What this task involves: Reproduce, word for word, all of the records; the pictures stay out.

Dataset records
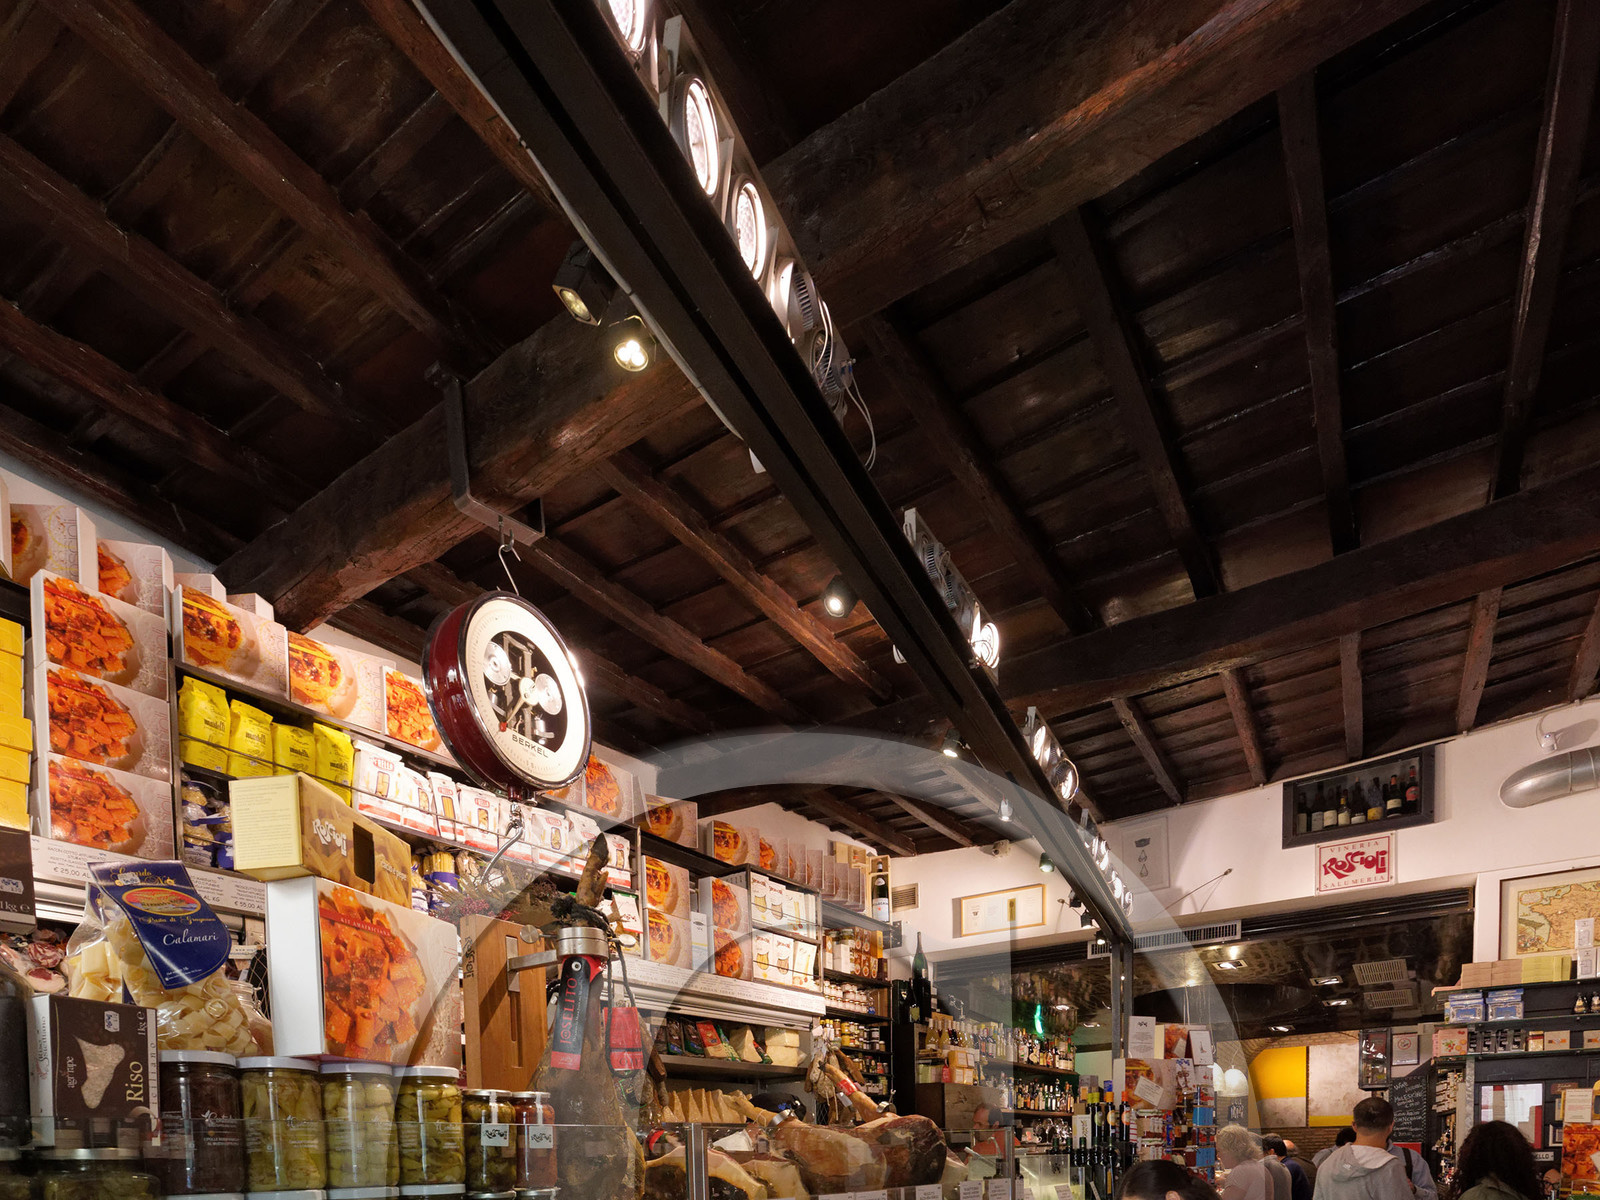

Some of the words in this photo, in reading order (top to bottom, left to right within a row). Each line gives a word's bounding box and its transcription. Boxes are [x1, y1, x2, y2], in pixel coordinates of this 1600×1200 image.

[512, 734, 549, 758] BERKEL
[1330, 841, 1379, 853] VINERIA
[1323, 875, 1385, 888] SALUMERIA
[163, 929, 219, 946] Calamari
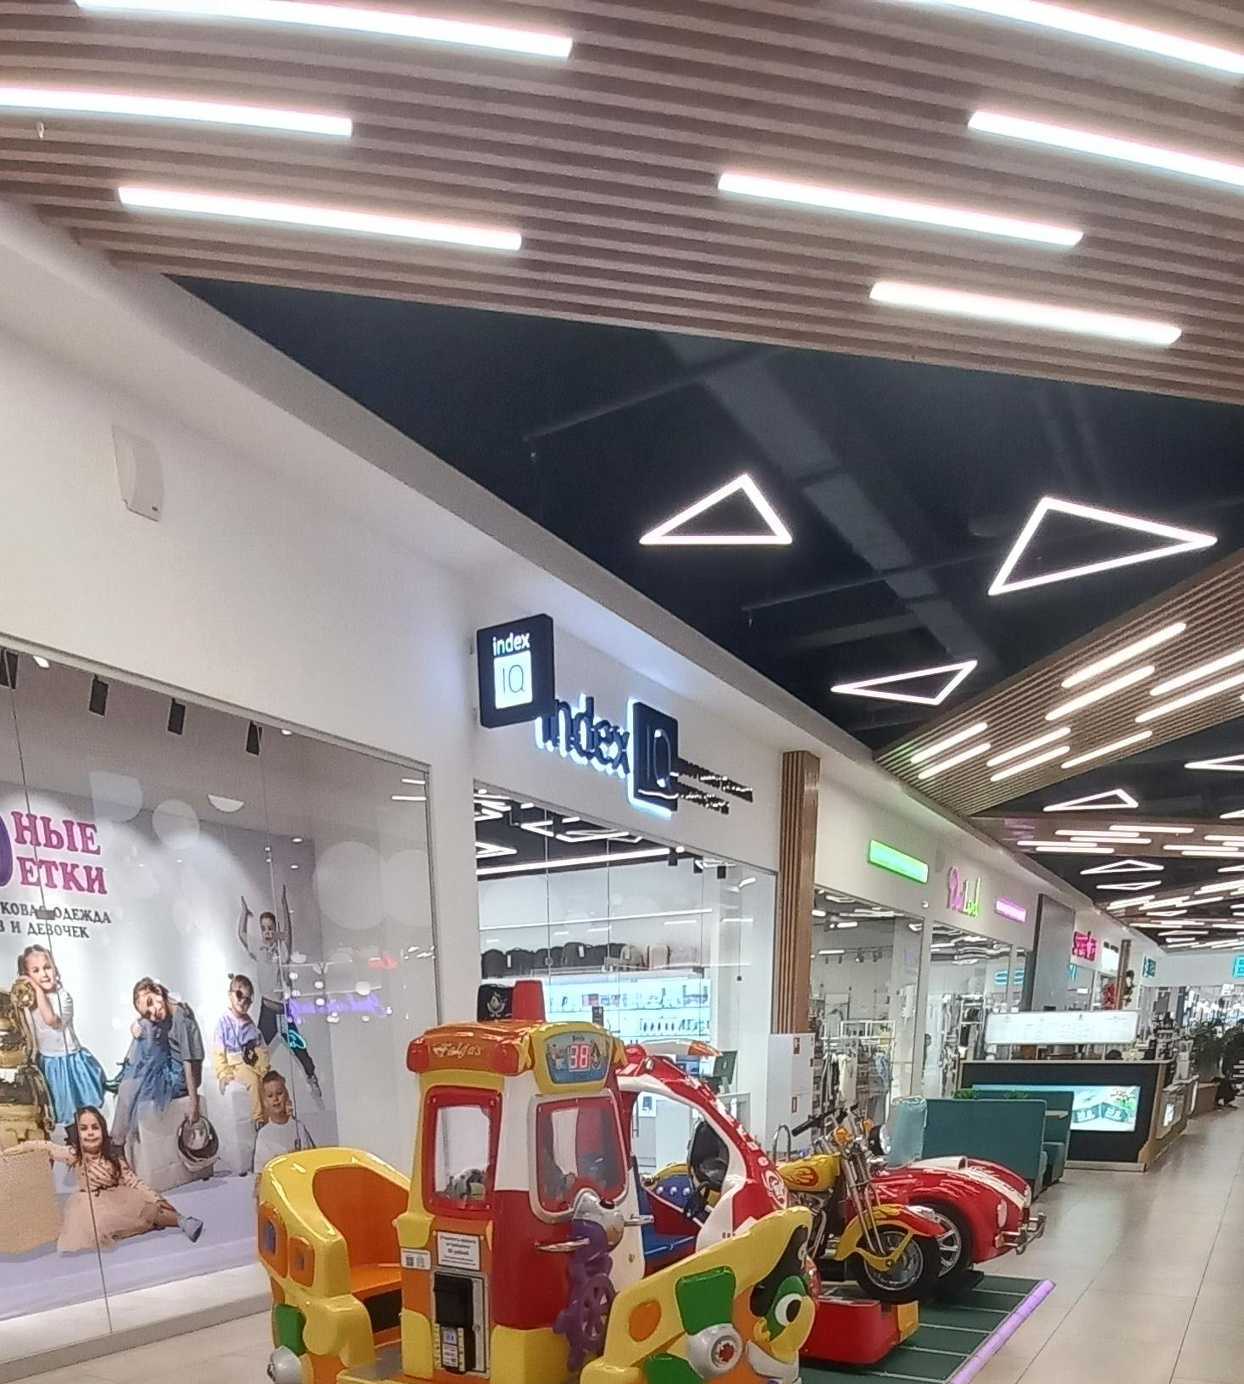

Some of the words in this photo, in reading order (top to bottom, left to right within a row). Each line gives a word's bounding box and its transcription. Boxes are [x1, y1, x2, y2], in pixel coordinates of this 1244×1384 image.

[492, 632, 531, 657] index
[502, 664, 525, 695] IQ
[11, 811, 101, 855] НЫЕ
[16, 856, 108, 894] ЕТКИ
[0, 901, 47, 917] КОВА
[54, 906, 112, 924] ОДЕЖДА
[10, 920, 21, 934] И
[27, 922, 90, 938] ДЕВОЧЕК
[569, 1044, 589, 1068] 38

Task response:
Some of the words in this photo, in reading order (top to bottom, left to right within a row). Each line gives a word's bounding box and its transcription. Boxes are [x1, y1, x2, y2], in pixel coordinates of this 1600×1200 image.

[512, 734, 549, 758] BERKEL
[1330, 841, 1379, 853] VINERIA
[1323, 875, 1385, 888] SALUMERIA
[163, 929, 219, 946] Calamari

Some of the words in this photo, in reading order (top to bottom, left to right within a row). Each line gives a word's bounding box and its transcription. Boxes are [x1, y1, x2, y2], in pixel coordinates of this 1244×1384 image.

[492, 632, 531, 657] index
[502, 664, 525, 695] IQ
[11, 811, 101, 855] НЫЕ
[16, 856, 108, 894] ЕТКИ
[0, 901, 47, 917] КОВА
[54, 906, 112, 924] ОДЕЖДА
[10, 920, 21, 934] И
[27, 922, 90, 938] ДЕВОЧЕК
[569, 1044, 589, 1068] 38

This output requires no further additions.